Reproduce all the data verbatim.

=== THE DATA ===

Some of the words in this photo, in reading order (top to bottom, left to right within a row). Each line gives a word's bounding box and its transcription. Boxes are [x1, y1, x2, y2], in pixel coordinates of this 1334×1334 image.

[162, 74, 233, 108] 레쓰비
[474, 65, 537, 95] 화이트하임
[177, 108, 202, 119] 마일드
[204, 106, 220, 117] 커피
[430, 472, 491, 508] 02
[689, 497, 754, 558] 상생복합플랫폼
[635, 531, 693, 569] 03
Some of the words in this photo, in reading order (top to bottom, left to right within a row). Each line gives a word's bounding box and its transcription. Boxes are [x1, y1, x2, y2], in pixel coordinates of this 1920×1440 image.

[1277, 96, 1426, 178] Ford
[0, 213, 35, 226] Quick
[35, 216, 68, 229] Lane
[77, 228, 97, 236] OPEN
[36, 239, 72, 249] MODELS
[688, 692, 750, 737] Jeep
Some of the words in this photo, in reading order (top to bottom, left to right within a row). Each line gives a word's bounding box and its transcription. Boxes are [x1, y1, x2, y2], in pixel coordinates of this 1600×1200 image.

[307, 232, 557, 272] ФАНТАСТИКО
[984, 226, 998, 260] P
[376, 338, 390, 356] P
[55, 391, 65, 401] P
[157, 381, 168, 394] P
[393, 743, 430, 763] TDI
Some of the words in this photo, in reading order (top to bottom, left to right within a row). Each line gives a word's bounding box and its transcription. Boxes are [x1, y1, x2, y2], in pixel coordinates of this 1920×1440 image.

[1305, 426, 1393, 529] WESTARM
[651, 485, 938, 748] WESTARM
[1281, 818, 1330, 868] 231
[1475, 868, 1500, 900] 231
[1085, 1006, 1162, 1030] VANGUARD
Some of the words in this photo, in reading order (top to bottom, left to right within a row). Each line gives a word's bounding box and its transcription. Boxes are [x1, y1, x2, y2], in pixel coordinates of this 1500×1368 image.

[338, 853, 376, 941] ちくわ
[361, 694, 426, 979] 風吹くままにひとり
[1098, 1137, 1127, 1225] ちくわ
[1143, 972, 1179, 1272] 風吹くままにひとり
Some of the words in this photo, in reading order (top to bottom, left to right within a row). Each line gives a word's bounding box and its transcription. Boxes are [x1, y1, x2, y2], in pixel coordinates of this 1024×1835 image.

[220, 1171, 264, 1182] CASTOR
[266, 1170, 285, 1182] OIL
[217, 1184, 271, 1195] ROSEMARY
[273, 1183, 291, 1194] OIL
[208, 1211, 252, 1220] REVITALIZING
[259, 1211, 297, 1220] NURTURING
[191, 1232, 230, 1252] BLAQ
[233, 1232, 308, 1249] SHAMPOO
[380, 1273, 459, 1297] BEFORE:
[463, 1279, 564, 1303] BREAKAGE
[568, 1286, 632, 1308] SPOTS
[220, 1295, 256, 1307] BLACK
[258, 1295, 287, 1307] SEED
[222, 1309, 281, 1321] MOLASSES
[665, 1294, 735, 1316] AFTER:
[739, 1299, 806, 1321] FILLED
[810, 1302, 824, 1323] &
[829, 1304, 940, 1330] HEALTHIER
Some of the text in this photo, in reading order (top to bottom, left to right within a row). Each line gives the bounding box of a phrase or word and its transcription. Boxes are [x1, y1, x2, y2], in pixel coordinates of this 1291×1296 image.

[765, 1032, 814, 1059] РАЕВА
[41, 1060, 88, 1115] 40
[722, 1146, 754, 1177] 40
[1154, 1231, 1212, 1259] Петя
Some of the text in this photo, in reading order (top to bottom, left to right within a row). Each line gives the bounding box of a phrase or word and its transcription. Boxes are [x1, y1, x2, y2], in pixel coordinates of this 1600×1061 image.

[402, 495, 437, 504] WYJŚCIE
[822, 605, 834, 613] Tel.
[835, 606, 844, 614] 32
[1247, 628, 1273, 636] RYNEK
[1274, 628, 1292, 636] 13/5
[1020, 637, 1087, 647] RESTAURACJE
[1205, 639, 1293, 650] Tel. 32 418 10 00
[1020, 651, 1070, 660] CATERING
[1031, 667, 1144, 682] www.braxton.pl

===

▶ [SOLUTION TO THE EXERCISE]:
Some of the words in this photo, in reading order (top to bottom, left to right within a row). Each line gives a word's bounding box and its transcription. Boxes are [x1, y1, x2, y2], in pixel coordinates of this 1334×1334 image.

[162, 74, 233, 108] 레쓰비
[474, 65, 537, 95] 화이트하임
[177, 108, 202, 119] 마일드
[204, 106, 220, 117] 커피
[430, 472, 491, 508] 02
[689, 497, 754, 558] 상생복합플랫폼
[635, 531, 693, 569] 03
Some of the words in this photo, in reading order (top to bottom, left to right within a row). Each line gives a word's bounding box and its transcription. Boxes are [x1, y1, x2, y2], in pixel coordinates of this 1920×1440 image.

[1277, 96, 1426, 178] Ford
[0, 213, 35, 226] Quick
[35, 216, 68, 229] Lane
[77, 228, 97, 236] OPEN
[36, 239, 72, 249] MODELS
[688, 692, 750, 737] Jeep
Some of the words in this photo, in reading order (top to bottom, left to right within a row). Each line gives a word's bounding box and its transcription. Boxes are [x1, y1, x2, y2], in pixel coordinates of this 1600×1200 image.

[307, 232, 557, 272] ФАНТАСТИКО
[984, 226, 998, 260] P
[376, 338, 390, 356] P
[55, 391, 65, 401] P
[157, 381, 168, 394] P
[393, 743, 430, 763] TDI
Some of the words in this photo, in reading order (top to bottom, left to right within a row). Each line gives a word's bounding box and its transcription. Boxes are [x1, y1, x2, y2], in pixel coordinates of this 1920×1440 image.

[1305, 426, 1393, 529] WESTARM
[651, 485, 938, 748] WESTARM
[1281, 818, 1330, 868] 231
[1475, 868, 1500, 900] 231
[1085, 1006, 1162, 1030] VANGUARD
Some of the words in this photo, in reading order (top to bottom, left to right within a row). Each line gives a word's bounding box and its transcription. Boxes are [x1, y1, x2, y2], in pixel coordinates of this 1500×1368 image.

[338, 853, 376, 941] ちくわ
[361, 694, 426, 979] 風吹くままにひとり
[1098, 1137, 1127, 1225] ちくわ
[1143, 972, 1179, 1272] 風吹くままにひとり
Some of the words in this photo, in reading order (top to bottom, left to right within a row). Each line gives a word's bounding box and its transcription. Boxes are [x1, y1, x2, y2], in pixel coordinates of this 1024×1835 image.

[220, 1171, 264, 1182] CASTOR
[266, 1170, 285, 1182] OIL
[217, 1184, 271, 1195] ROSEMARY
[273, 1183, 291, 1194] OIL
[208, 1211, 252, 1220] REVITALIZING
[259, 1211, 297, 1220] NURTURING
[191, 1232, 230, 1252] BLAQ
[233, 1232, 308, 1249] SHAMPOO
[380, 1273, 459, 1297] BEFORE:
[463, 1279, 564, 1303] BREAKAGE
[568, 1286, 632, 1308] SPOTS
[220, 1295, 256, 1307] BLACK
[258, 1295, 287, 1307] SEED
[222, 1309, 281, 1321] MOLASSES
[665, 1294, 735, 1316] AFTER:
[739, 1299, 806, 1321] FILLED
[810, 1302, 824, 1323] &
[829, 1304, 940, 1330] HEALTHIER
Some of the text in this photo, in reading order (top to bottom, left to right within a row). Each line gives the bounding box of a phrase or word and its transcription. Boxes are [x1, y1, x2, y2], in pixel coordinates of this 1291×1296 image.

[765, 1032, 814, 1059] РАЕВА
[41, 1060, 88, 1115] 40
[722, 1146, 754, 1177] 40
[1154, 1231, 1212, 1259] Петя
Some of the text in this photo, in reading order (top to bottom, left to right within a row). Each line gives the bounding box of a phrase or word and its transcription. Boxes are [x1, y1, x2, y2], in pixel coordinates of this 1600×1061 image.

[402, 495, 437, 504] WYJŚCIE
[822, 605, 834, 613] Tel.
[835, 606, 844, 614] 32
[1247, 628, 1273, 636] RYNEK
[1274, 628, 1292, 636] 13/5
[1020, 637, 1087, 647] RESTAURACJE
[1205, 639, 1293, 650] Tel. 32 418 10 00
[1020, 651, 1070, 660] CATERING
[1031, 667, 1144, 682] www.braxton.pl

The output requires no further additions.